The CBN’s Economic Report for April discloses that Nigeria’s oil output (including condensates and NGLs) increased by 5% to 1.91 million barrels per day (mbpd) from 1.82mbpd in March.

We note, however, a possible statistical anomaly: the data through to December 2014 is drawn by the CBN from the NNPC and Reuters, while that for the four following months are published in its monthly report without a source given.


The report maintains the party line that 450,000bpd is processed domestically by the NNPC. It is common knowledge that the refineries produce at a fraction of installed capacity and that domestic demand is largely met by imports, which have fallen since the end of April and created the prevailing fuel scarcity.

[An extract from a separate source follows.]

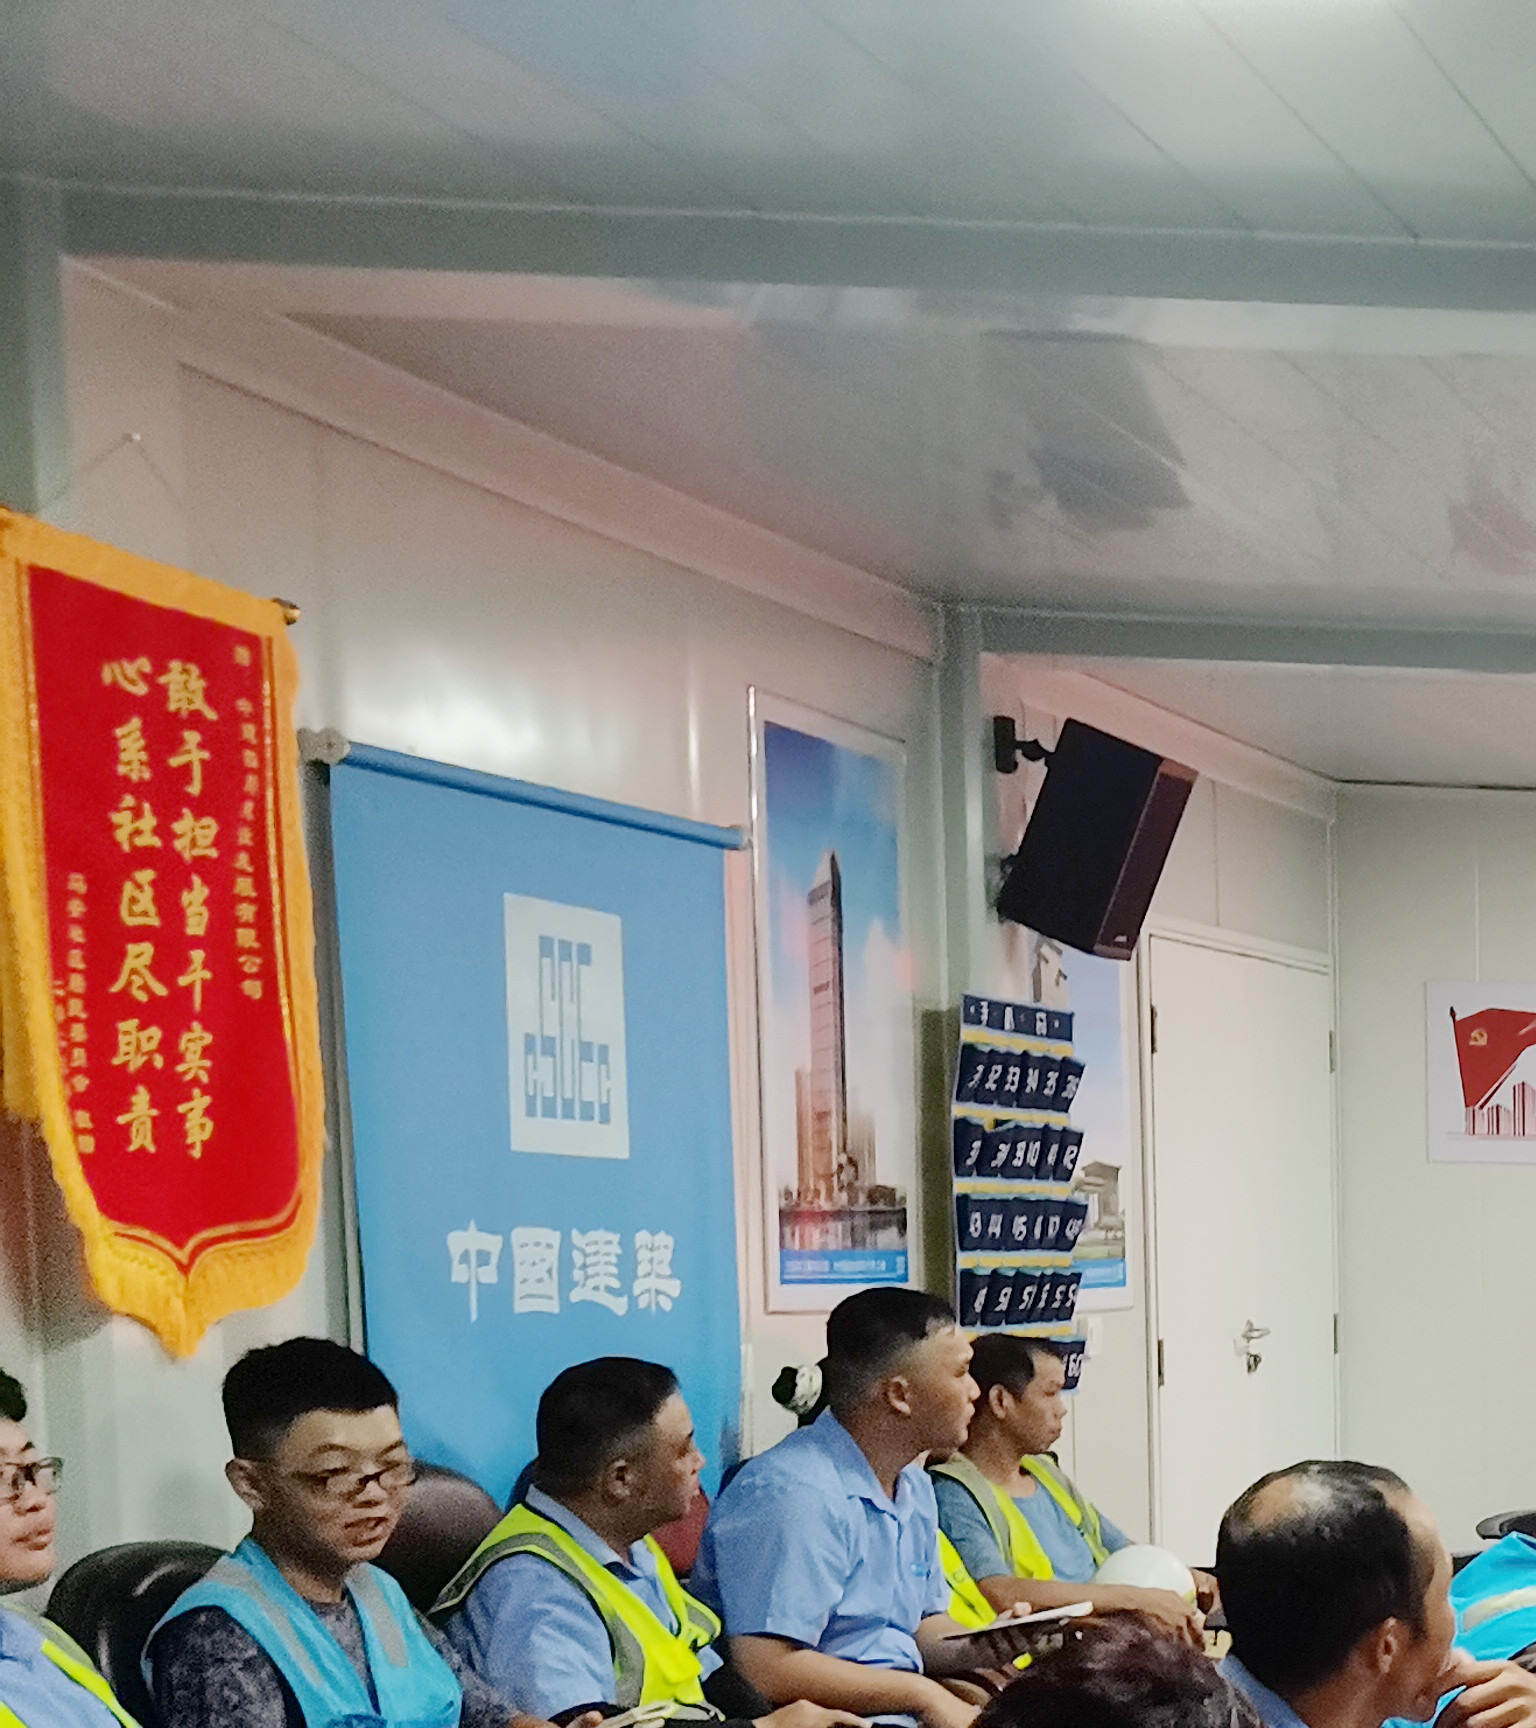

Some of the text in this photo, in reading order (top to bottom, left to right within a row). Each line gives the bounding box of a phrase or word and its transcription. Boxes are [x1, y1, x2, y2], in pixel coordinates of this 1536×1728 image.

[101, 656, 168, 1154] 心系社区尽职责
[157, 659, 218, 1161] 敢于担当干实事

Pipeline vandalism continues to put a strain on the country’s output capacity. Based on estimates by PENGASSAN (industry trades union), Nigeria loses between US$15m to US$25m per day as a result. The upper level of the range suggests losses still close to 400,000bpd.

There is also the issue of accountability since there is no harmonised metering of production. Our understanding is that there is metering at the export terminals by several agencies using different methods.

For the budget impact we note that gross oil receipts in the federation account under the review period totalled N286bn, declining by 28% from N365bn recorded in the preceding month.

The petroleum industry bill (PIB) was passed by the House of Representatives of the last (seventh) assembly but not by the upper house (Senate). The onus for its passage therefore falls upon the eighth assembly. We note comments from the president’s circle that it could work first on the structure of the industry, and thereafter on its fiscal regime.